Vegetable Spring Rolls with Sweet Cilantro SauceRecipe posted in: Flex™ Meals & Snacks, Snacks, Healthy Sides & Snacks, Lunches & Dinners
These spring rolls are packed with nutrient-dense, vibrant veggies (and mouthwatering mango!) and bursting with flavor. We love that they’re so versatile—enjoy them as a between-meal snack or as a side to any of your favorite Nutrisystem meals. Our favorite thing about these spring rolls, though, is that you aren’t limited to using only the veggies listed in this healthy recipe. Pack in some red peppers and leafy greens like we did for an added nutrient boost, or add a little crunch to your spring roll with some shredded carrots. Some of our vegetarian readers have even suggested adding in a half cup of steamed tofu or unsalted edamame for an added protein boost (a half cup of either of these options counts as one PowerFuel on Nutrisystem). Either way, we’re pretty sure you’ll love these spring rolls. And don’t even get us started on that sauce!
Calories per Serving: 208
On Nutrisystem, Count As: 1 SmartCarb, 1 Vegetable and 3 Extras
- 2 rice papers
- ½ cup mango, sliced into ¼-in thick strips
- ½ cup bean sprouts
- 1/4 cup yellow corn
- ¼ cucumber, peeled and sliced into ¼-inch thick strips
- ½ cup shredded red cabbage
- Cilantro Sauce
- ¼ cup cilantro
- ¼ cup plain nonfat Greek yogurt
- 1 packet of stevia all natural sweetener
- Blend cilantro, yogurt and stevia until smooth. Set aside.

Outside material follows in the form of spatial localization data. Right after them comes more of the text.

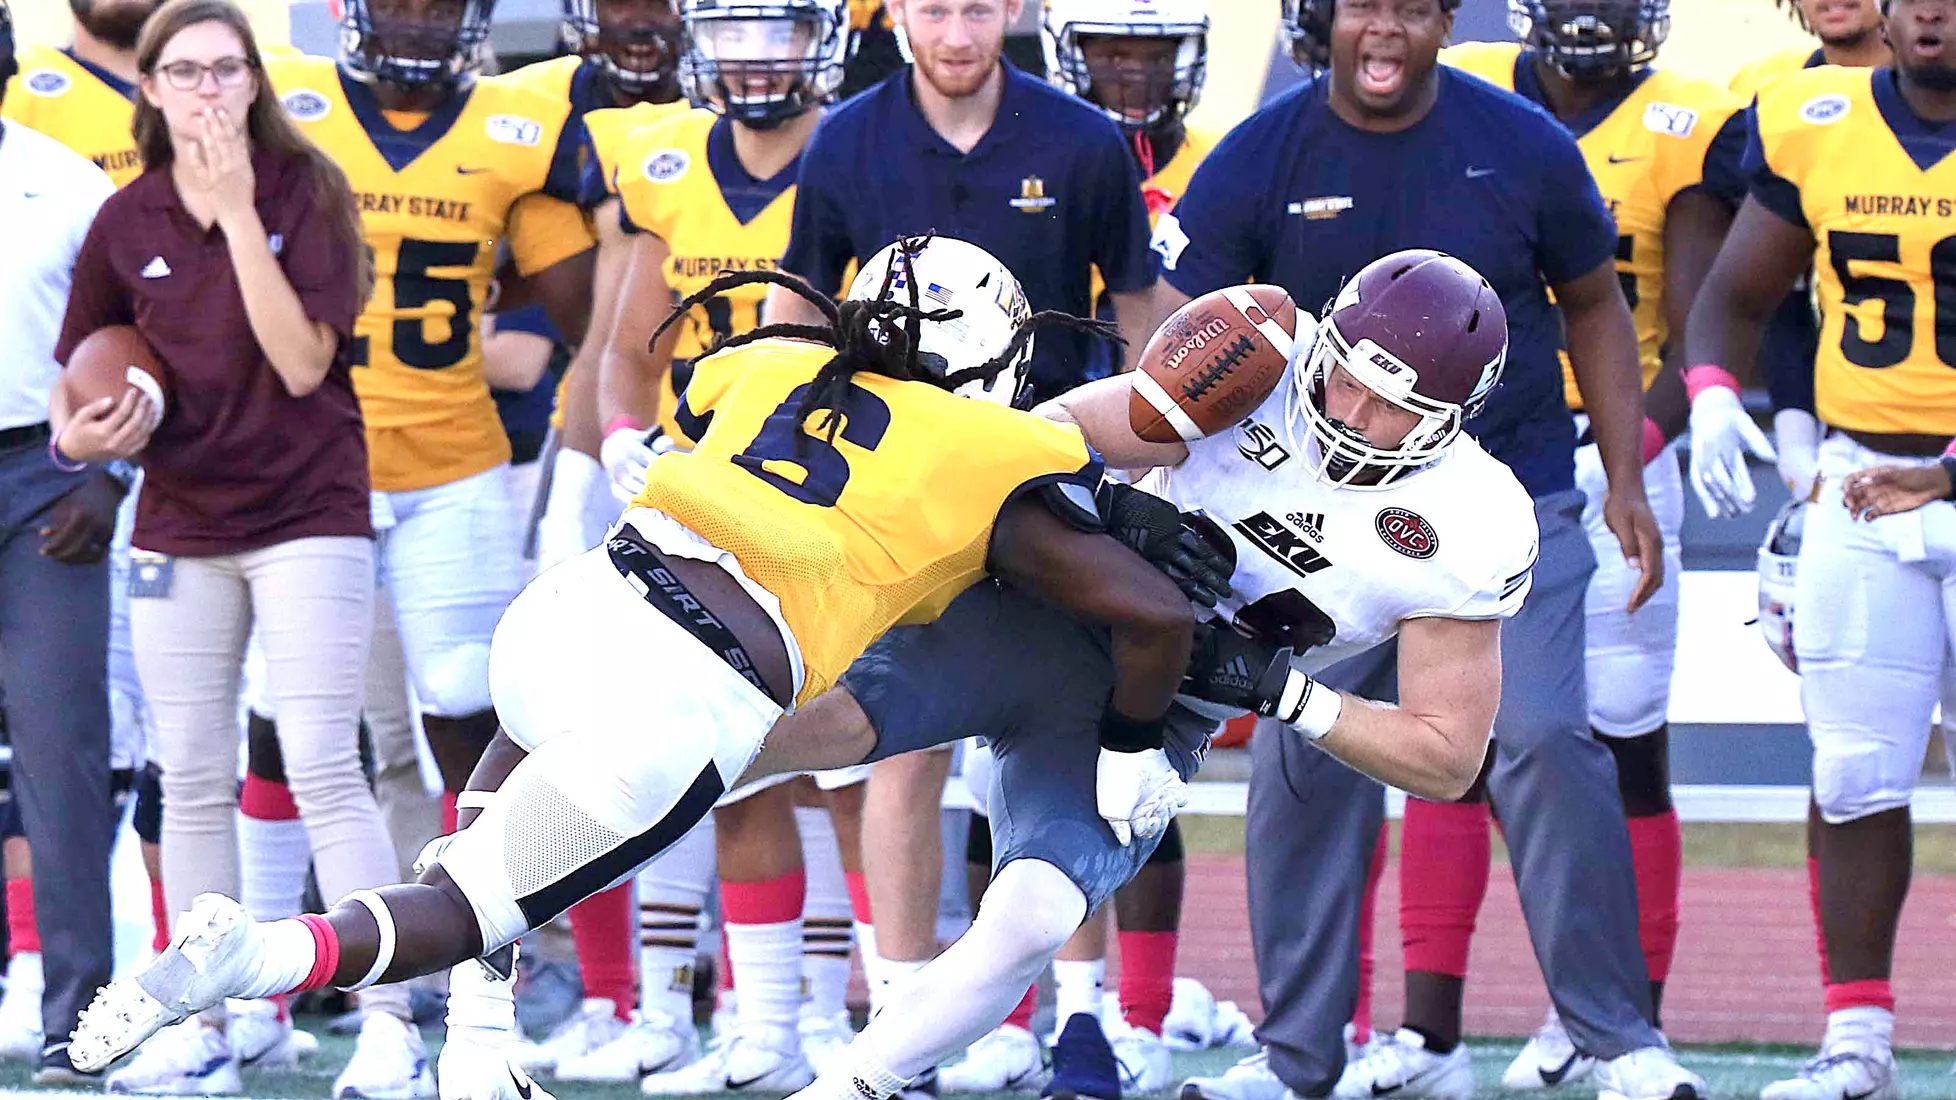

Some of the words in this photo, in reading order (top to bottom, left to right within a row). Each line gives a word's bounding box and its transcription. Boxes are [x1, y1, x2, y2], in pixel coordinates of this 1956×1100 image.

[1845, 196, 1931, 216] MURRAY
[1167, 316, 1232, 369] Wilson
[1369, 352, 1402, 375] EKU
[731, 381, 891, 507] 6
[1239, 510, 1333, 574] EKU
[1285, 512, 1325, 544] adidas
[1388, 519, 1425, 547] OVC

- Place rice paper wrapper into water until it is soft and pliable (~15-20 seconds).
- Remove rice paper wrapper and place onto a wet towel.
- Place mango, bean sprouts, cucumber, corn and cabbage in the middle of the wrappers.
- Roll up the paper halfway, over the fillings. Fold the sides. Keep rolling the paper into a tight log to seal.
- Serve immediately with the cilantro sauce.